Trois mois après sa sortie en France, je peux enfin voir Dahomey au fond de ma campagne, entourée d’une trentaine de personnes. Il me faudra parler un jour de la condition rurale et de son difficile accès à la culture… peut-être une des raisons de mon enthousiasme pour ce film.

La force des mots, la puissance des images

Cela commence dans le noir, par une voix caverneuse… je ne sais pas encore qui parle, ni dans quelle langue, mais je me sens comme une captive, dans une cale de la traite négrière. Lorsque les « objets » vont apparaître dans les sous-sols blancs du Musée du Quai Branly, je ne pourrai pas ne pas penser que ces merveilles sont des oeuvres toujours en esclavage.

Puis vient la préparation au transport. Dans un film où chaque image a une profondeur symbolique, comment ne pas voir une grande statue, face contre terre, porter une immense chaîne autour du cou - bien sûr il s’agit de la transporter, mais là encore je ne peux pas ne pas voir émerger l’image de l’esclavage. 

Puis vient le transport, dans une caisse scellée comme un cercueil. Ces oeuvres, cette mémoire, ne doivent-elles pas revenir d’outre-tombe? Les statues meurent aussi. Le film ne va pas nous parler de leur déplacement mais de leur réanimation.

Qu’est-ce qui revient?

Côté français : des palans et des caisses à roulettes qui tiennent à distance les objets - côté béninois : des hommes qui portent à main nue les caisses jusqu’à un tapis rouge ou dans des escaliers. Comme on le ferait pour un dignitaire important, qui va attendre dans l’anti-chambre l’entrevue avec le président. Mais certaines images deviennent ambivalentes, et ces porteurs du trône du roi sont-ils des hommes libres qui se ré-approprient les vestiges de leurs ancêtres ou des ouvriers, esclaves des temps modernes? Porte-t-on avec respect ces caisses fermées ou avec la crainte d’esprits dans un pays racine du vaudou?

Autre image ambivalente : les conservateurs béninois portent une blouse blanche, comme un symbole suranné de la science occidentale. Mais ils en deviennent ainsi les médecins penchés au chevet de statues malades. Statues d’abord réduites à des données (un poids, un état de conservation, des matières…) avant de pouvoir se réinscrire dans des récits lors de la visite au musée. Il y avait donc quelque chose de pourri au royaume ....

Redonner vie par le cinéma

Vont se poser beaucoup de questions : quel est le sens d’un musée au Bénin? Qui y a accès? La place accordée au patrimoine matériel ne se fait-elle pas au mépris d’un patrimoine immatériel?

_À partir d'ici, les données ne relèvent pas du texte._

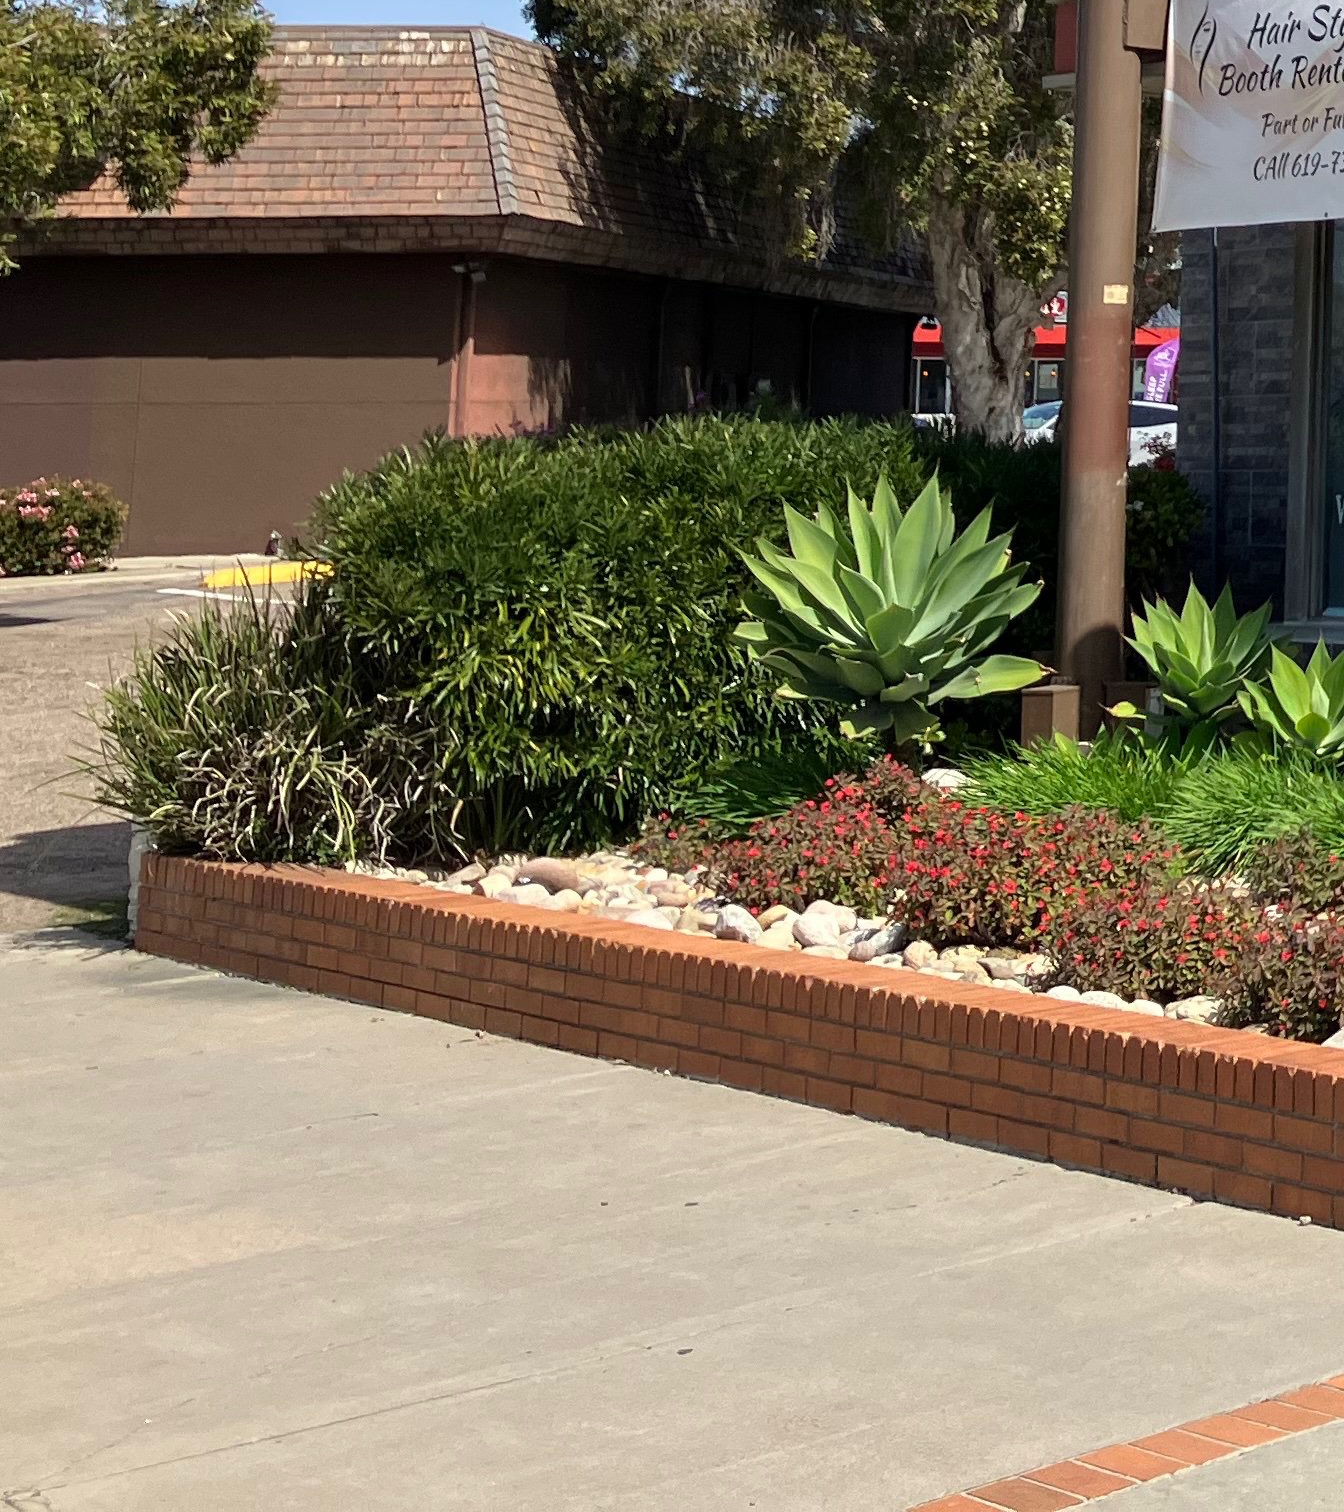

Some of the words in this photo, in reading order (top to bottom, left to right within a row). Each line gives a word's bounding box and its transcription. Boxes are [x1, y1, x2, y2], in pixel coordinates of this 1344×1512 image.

[1247, 11, 1301, 50] Hair
[1219, 53, 1283, 96] Booth
[1261, 113, 1298, 137] Part
[1302, 116, 1318, 132] or
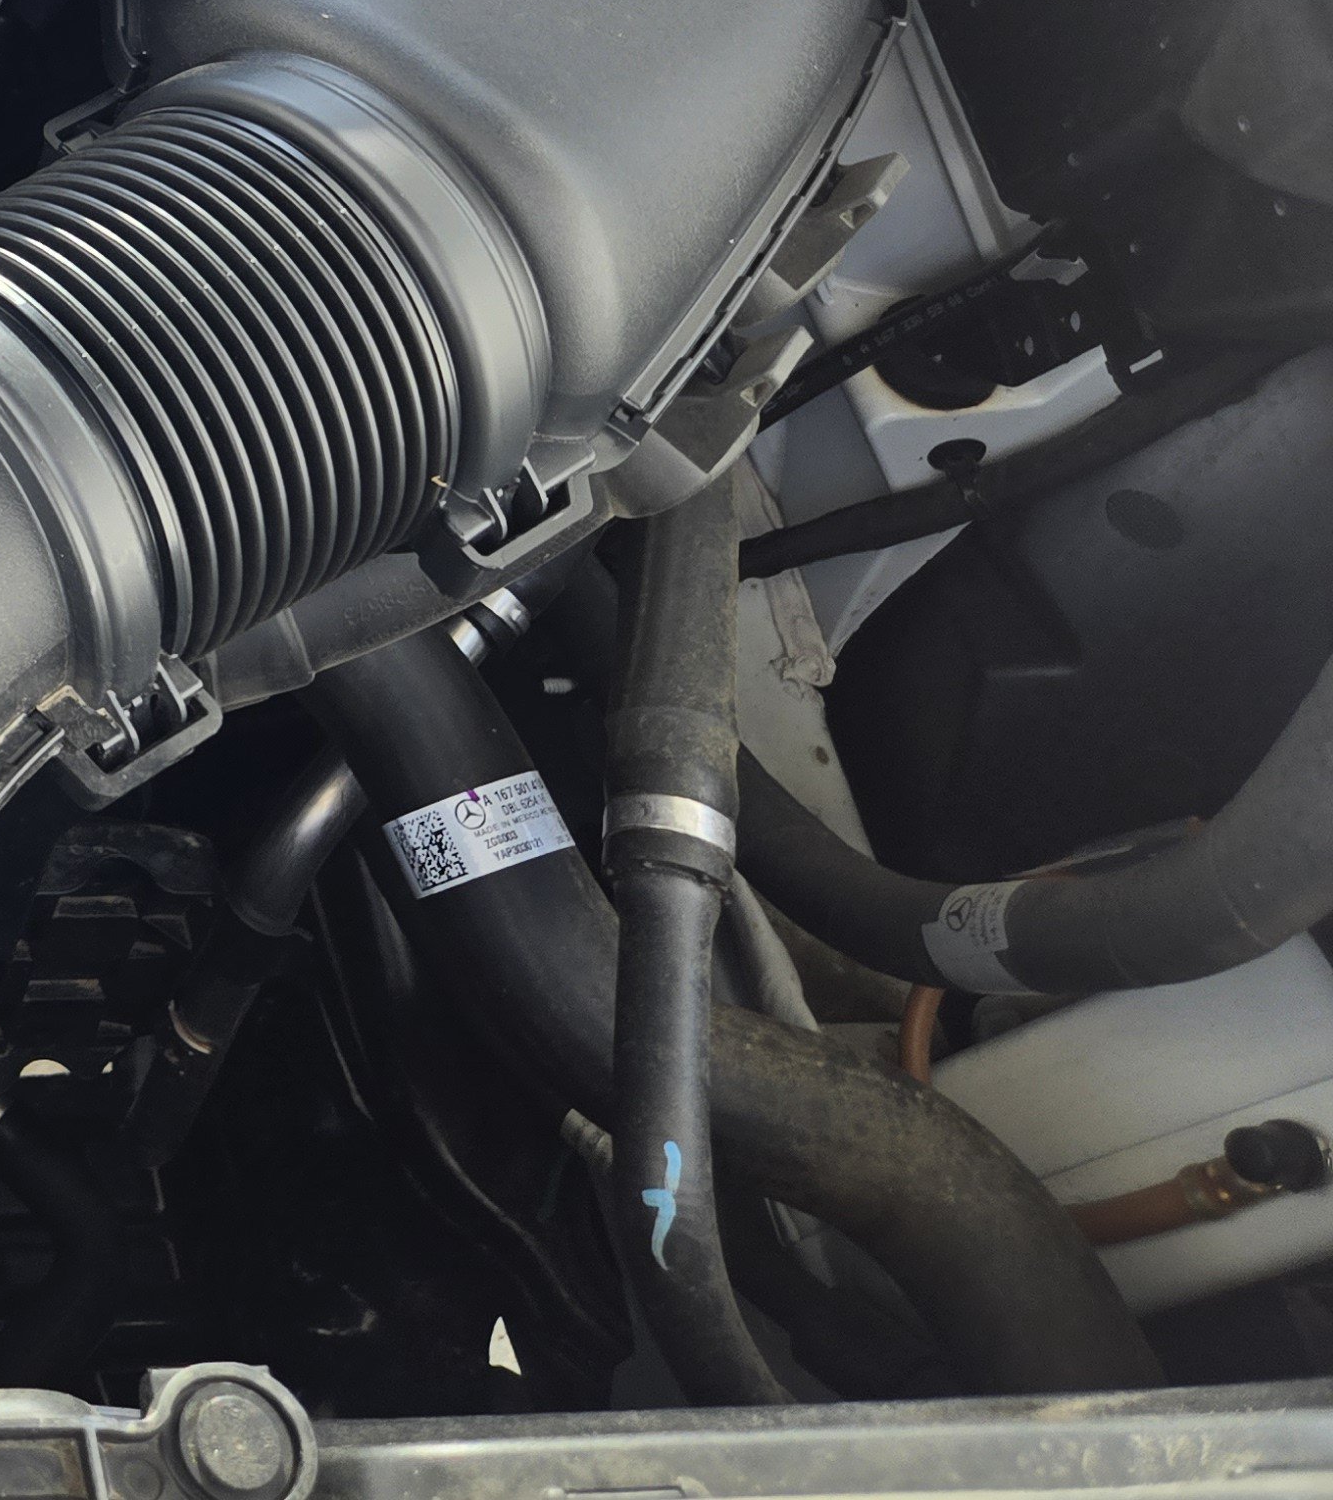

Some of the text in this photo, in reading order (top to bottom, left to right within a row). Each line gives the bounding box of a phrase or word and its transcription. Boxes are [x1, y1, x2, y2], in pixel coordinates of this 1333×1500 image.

[482, 795, 493, 808] A
[494, 786, 514, 803] 167
[501, 802, 520, 817] DBL
[474, 824, 501, 839] MADE
[501, 819, 512, 829] IN

N’est-ce pas seulement un coup de politique internationale? 26 objets sont « restitués » par la France sur les 7000 pillés, est-ce un début ou une insulte?…

Tout s’anime : les hôtes de marque, la parole des étudiants, les plantes et les rideaux dans la nuit, le visage des visiteurs… quelque chose d’impalpable re-circule autour des statues revenus au pays. Selon une visiteuse, il s’agit d’un mouvement d’objets qui accompagne celui d’afro-descendants qui décident eux-mêmes de revenir vivre en Afrique.  Jeunesse, beauté, espoir… pour nous aider à comprendre, sans grande théorie, qu’il est juste et puissant que ces oeuvres reviennent auprès de celles et ceux pour lesquels.les elles signifient histoire et puissance. Mais le permettrons-nous?